Assignment. The expected output is every line of the data exactly as shown, minus the images.
╔══
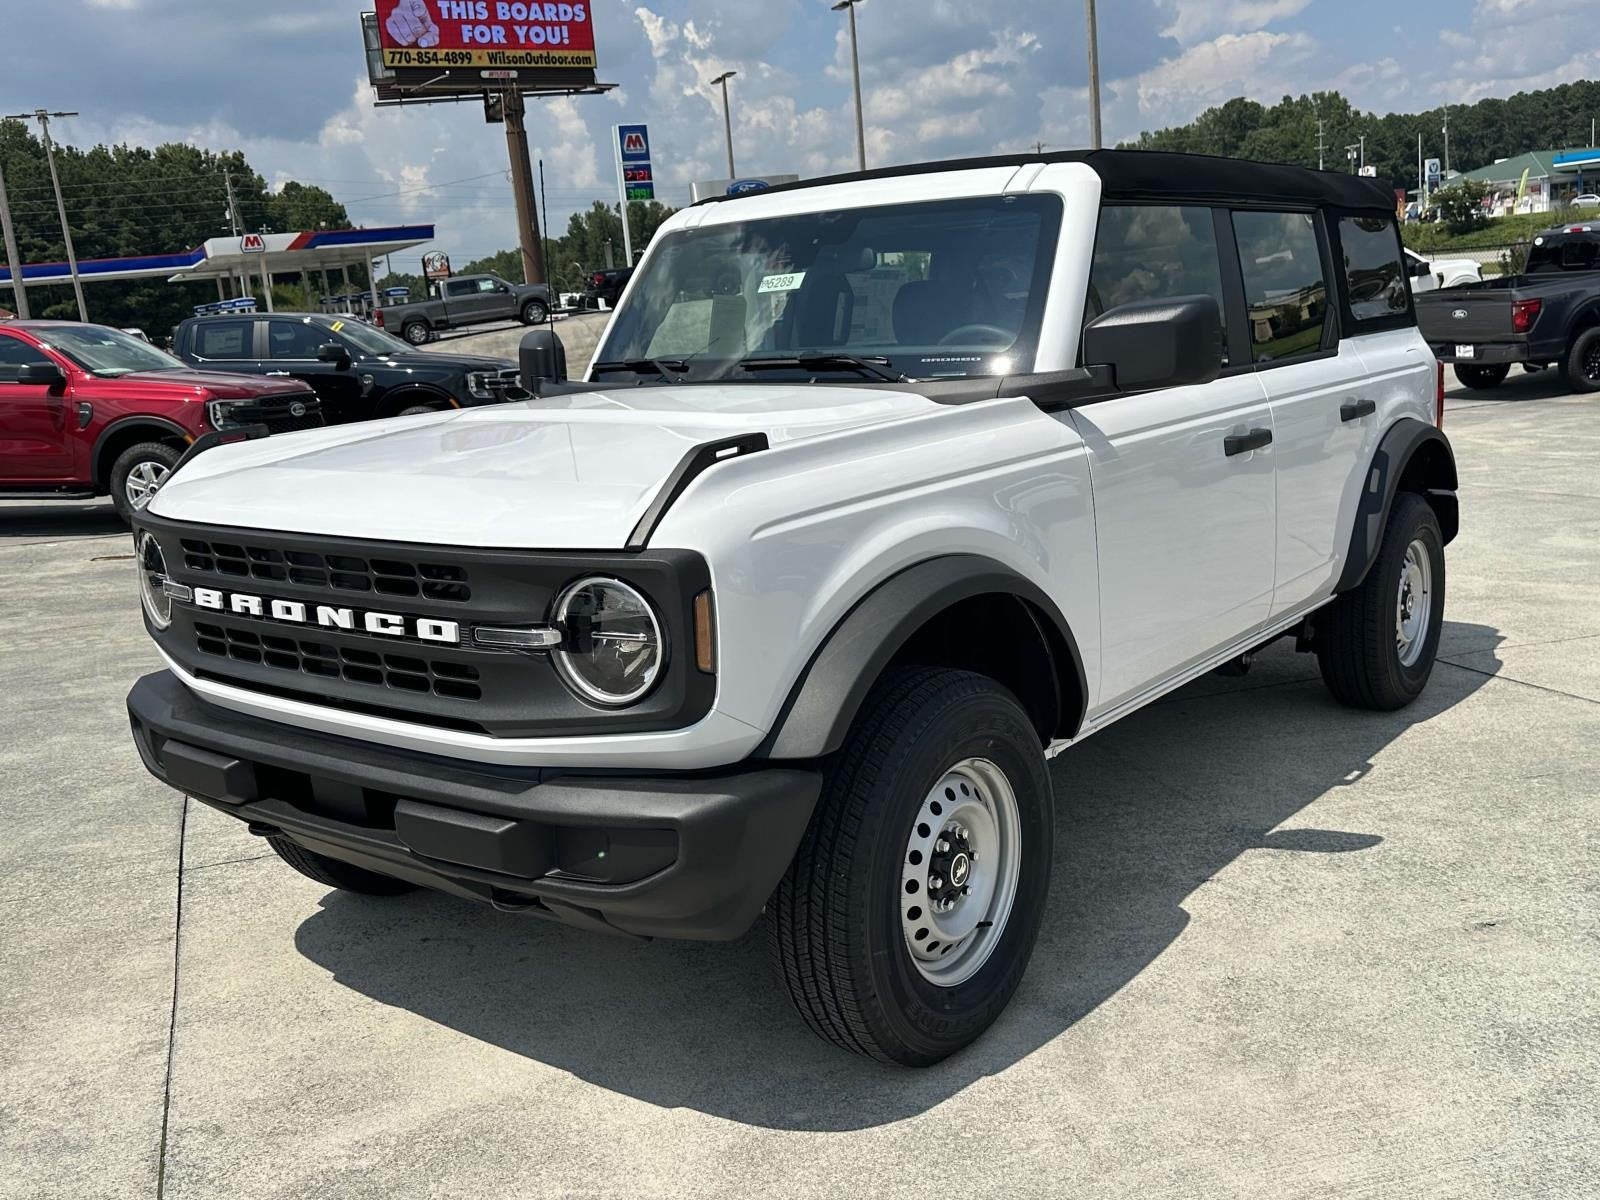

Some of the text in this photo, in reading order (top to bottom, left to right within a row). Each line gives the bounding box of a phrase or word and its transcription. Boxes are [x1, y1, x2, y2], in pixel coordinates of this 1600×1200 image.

[437, 1, 586, 22] THIS BOARDS
[461, 25, 570, 44] FOR YOU!
[389, 51, 592, 65] 770-854-4899 WilsonOutdoor.com
[193, 587, 460, 643] BRONCO
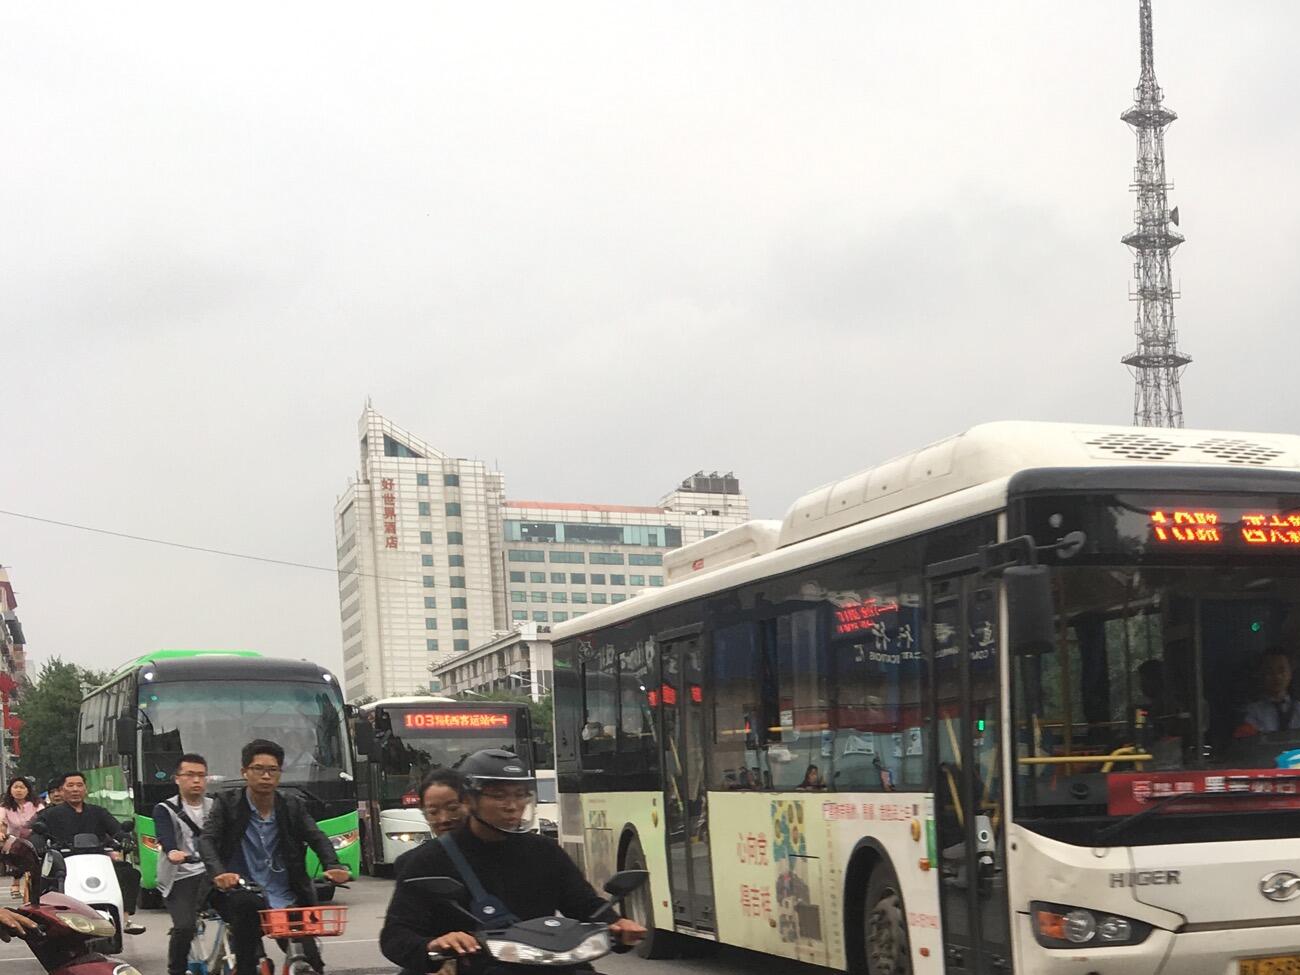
╚══
Completed exercise.
Some of the text in this photo, in reading order (top to bottom, left to right within a row). Each line gives the bounding box of a phrase or word and its transcription. Boxes are [x1, y1, x2, y2], in pixel coordinates of this 1600×1200 image.

[437, 1, 586, 22] THIS BOARDS
[461, 25, 570, 44] FOR YOU!
[389, 51, 592, 65] 770-854-4899 WilsonOutdoor.com
[193, 587, 460, 643] BRONCO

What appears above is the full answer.